The process can take anywhere from one to 10 years to wind through the creakingly slow and overburdened Philippine court system, costing at least $4,800.
Since 1999 lawmakers have regularly filed a bill to legalize divorce, only to see it languish in committee limbo – until now.
For the first time ever, House of Representatives lawmakers are poised to approve the bill after backing it in preliminary votes. It would then head to the Senate where it faces opposition from conservative members.
Threat to strong family ties
But the pending divorce bill is seen by Philippine bishops as a threat to strong family ties.
In a pastoral statement, the Catholic Bishops’ Conference of the Philippines (CBCP) considers the passing of the divorce bill “as an easy way out for couples whose marriages may still be fixed.”
“In a context in which divorce is presented as an easy option, marriages and families are bound to break up more easily,” said CBCP president and Davao Archbishop Romulo Valles in a CBCP News post.
“We merely ask that they consider the possibility that divorce, while it may indeed provide quick legal remedies for some seemingly ‘failed marriages,’ might end up destroying even those marriages that could have been saved by dialogues or the intervention of family, friends, pastors, and counselors,” Valles said. In progressive countries like the US where divorce is legal, 4 out of 10 marriages end up in divorce.
“The social costs that go with an easy recourse to the dissolution of a marriage when couples begin to face the difficult challenges of marital love and commitment are what we ask our legislators to consider seriously,” he said.
The CBCP president said that all marriages will go through periods of difficulties and trials.
“Even couples in seemingly successful marriages would often look back and recall the countless challenges that had almost brought their relationship to a breaking point if they had not learned to transcend personal hurts through understanding and forgiveness, or sometimes through the intervention of a dialogue facilitator such as a marriage counselor,” Valles said.
The prelate also expressed concern for the children of broken families who will be affected and will most likely feel disoriented and deprived of parental care.
About 24 organizations and movements issued a statement against divorce.
“Couples who overcome trials in marriage together grow in virtue and happiness. That is why decent peoples of the world accompany couples and families toward reconciliation and healing. The children deserve a home where love, faithfulness, and forgiveness reigns,” they said.

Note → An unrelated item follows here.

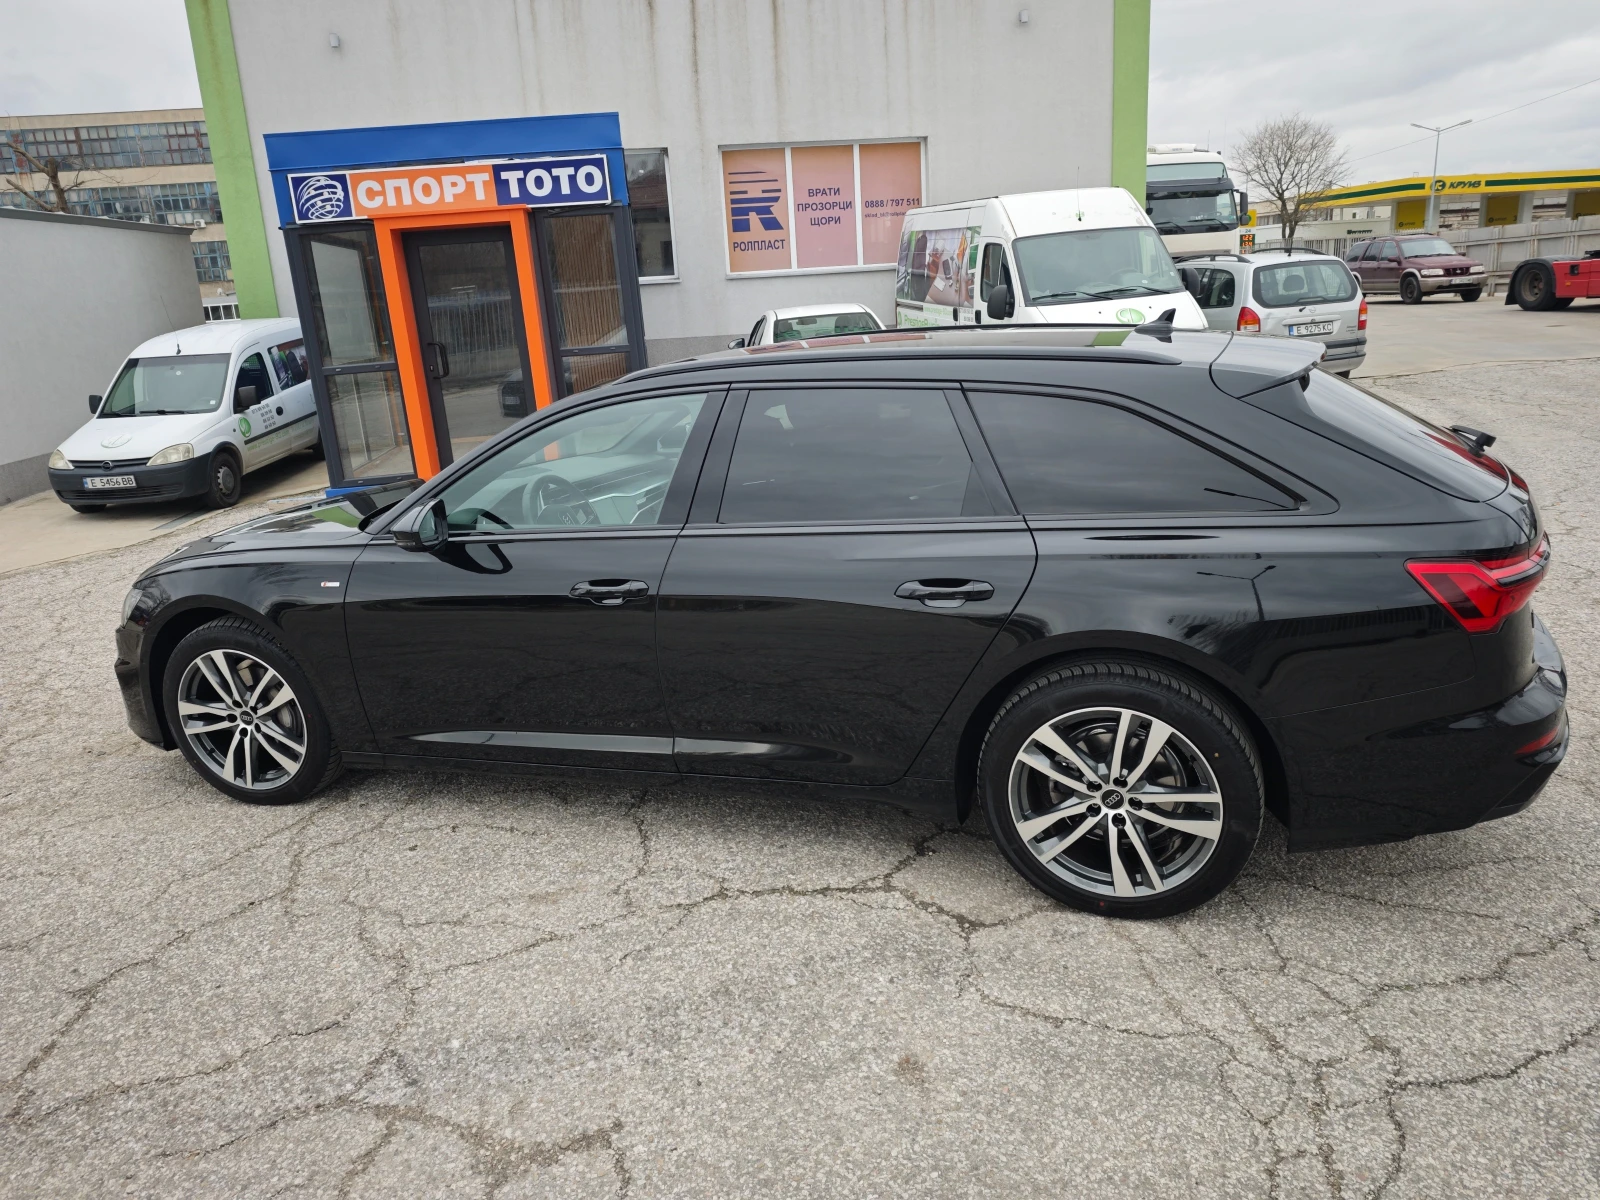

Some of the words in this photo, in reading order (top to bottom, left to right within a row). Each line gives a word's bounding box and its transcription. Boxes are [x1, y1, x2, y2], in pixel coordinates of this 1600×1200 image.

The bill enjoys rare bipartisan support, a sign Alvarez says of the urgency of addressing broken marriages. ‘’It’s a badge of stupidity because we are the only nation that does not see the problem,’’ Alvarez, 60, told AFP.
The legislation would allow divorce and exempt poor people from legal fees, listing domestic violence, attempts to engage a spouse in prostitution and irreconcilable differences among the grounds for splitting up.
Surveys show a majority of Filipinos have supported legalizing divorce since 2014.
At the same time the number filing for annulments has grown steadily in the past decade, hitting over 10,000 in 2017, according to government statistics.
“Filipinos have become more open. They’ve been exposed to norms from other countries,’’ said Jean Franco, political science assistant professor at the University of the Philippines.